5 Apr 2016



思想の時間

 日曜日、雨の中、またまたクレマチスの丘に出掛けて行った。

 丘には美術館が3つと文学館がひとつあり、今まで入ったことの無い写真の美術館に、本橋成一さんの写真展「在り処」を観るために、またチェルノブイリの事故で被爆した村と人々を録ったドキュメンタリー作品、「ナージャの村」と「アレクセイと泉」を観るために。

 この日はトークショーもあり、本橋さんと作家の平松洋子さんとの対談も聴くことが出来た。

 自分の写真が過去のものから現在まで展示されたのを観ていると、「自分の居心地のいいところを歩いてきたんだな」と思うと、本橋さん。「出会った人によって自分の思いが変わっていくのですから、それはたのしいことですよね。」とも。

 炭鉱、大衆芸能、サーカス、屠場、駅・・・。「社会の基底にある人間の営みの豊かさ」を写しだしてきたとパンフレットにある。
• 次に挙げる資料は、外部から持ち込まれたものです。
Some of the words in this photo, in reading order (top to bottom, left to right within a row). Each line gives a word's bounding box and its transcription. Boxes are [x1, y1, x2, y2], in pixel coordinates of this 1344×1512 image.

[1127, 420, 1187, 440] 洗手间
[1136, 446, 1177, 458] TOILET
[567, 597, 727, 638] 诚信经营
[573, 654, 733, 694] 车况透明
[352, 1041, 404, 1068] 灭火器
私は昭和30年代生まれで、写された炭鉱や屠場や沖縄以外は、子供だった自分になじみのある景色ばかりだ。サーカスや田舎芝居、ちんどん屋さん、紙芝居屋さん、上野駅。そうだ、駅は今よりずっと泥臭い場所だった。

 デジタルのカメラを使わない本橋さんは、暗室に居る時間を「思想の時間」と呼んで、大事にしていると仰っていた。デジカメは、確かにすごい写真を撮る。でもどんなにすごいかと思う「時間」が欠如している。ただ、スゴイね、スゴイね、で終わってしまうような気がすると。
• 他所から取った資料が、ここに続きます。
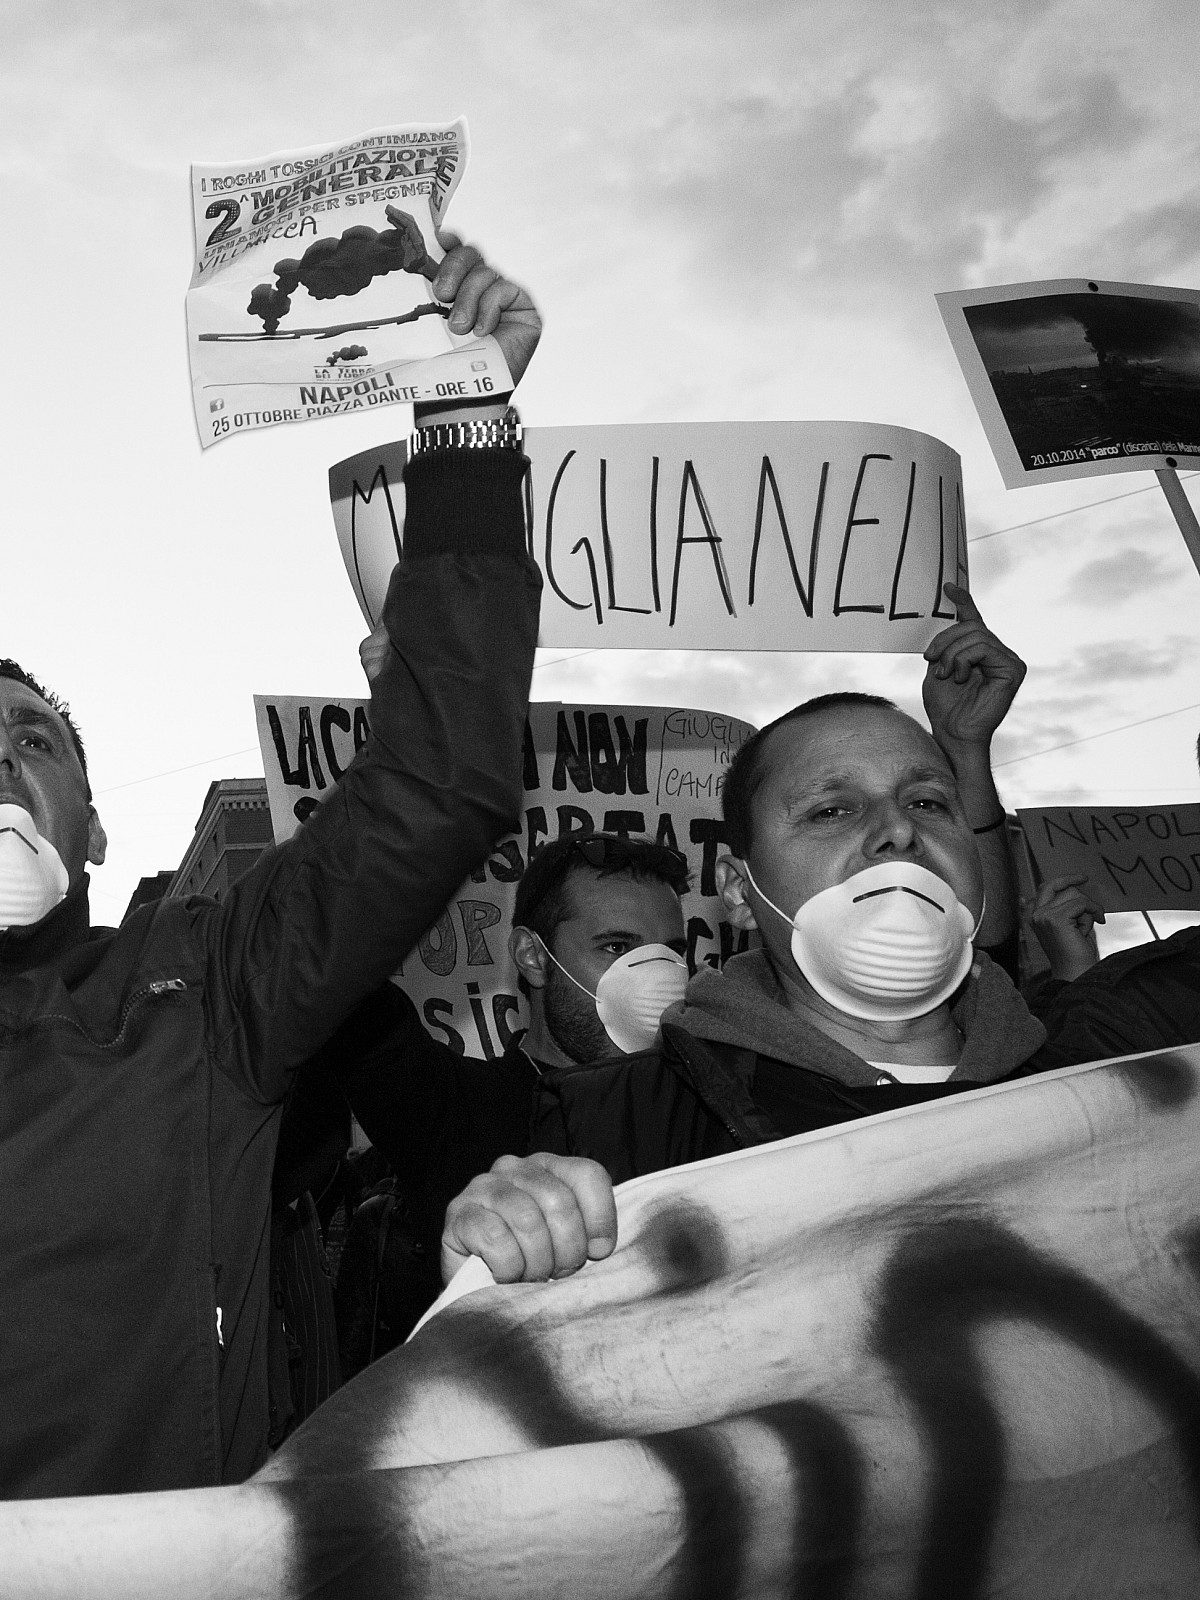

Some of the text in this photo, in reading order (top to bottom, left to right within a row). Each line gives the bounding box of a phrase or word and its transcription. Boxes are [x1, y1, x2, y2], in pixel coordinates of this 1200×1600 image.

 最近始めたインスタグラムの画面を指でスイスイ流すとき、ふっと感じる虚しさを言い当てられたような気がして、ズキッと来た。
 
 IZU PHOTO MUSEUM で観たモノクロームの写真の世界と、ホールで観たカラーの映像の世界。両方は手をつなぐように通じている。通じているけれど、映像作品には別の暖かさと穏やかさがあって、静かな気配に満ちて、だからこそと思うのですが、胸に残るものがとてつもなく大きかった。途中うとうと眠ってしまった・・・にもかかわらず、分かったようなことを言うのをためらわない自分が恥ずかしいけれど、特に「アレクセイと泉」は今も映像が浮かぶ。もう一度、いや何回でも、観てみたいなと思う。坂本龍一さんの音楽も好かったです。
 
ホームベーカリーさえあれば、捏ねる手間が省ける。よし、手に入れようとほとんど決めていた。適当な機種も調べた。それでもどうしても一歩が進まなかった。その訳が分かった。「思想の時間」が私にも必要なんだ。昨日パンを捏ねながら、そんなことを思想している自分に気付いた。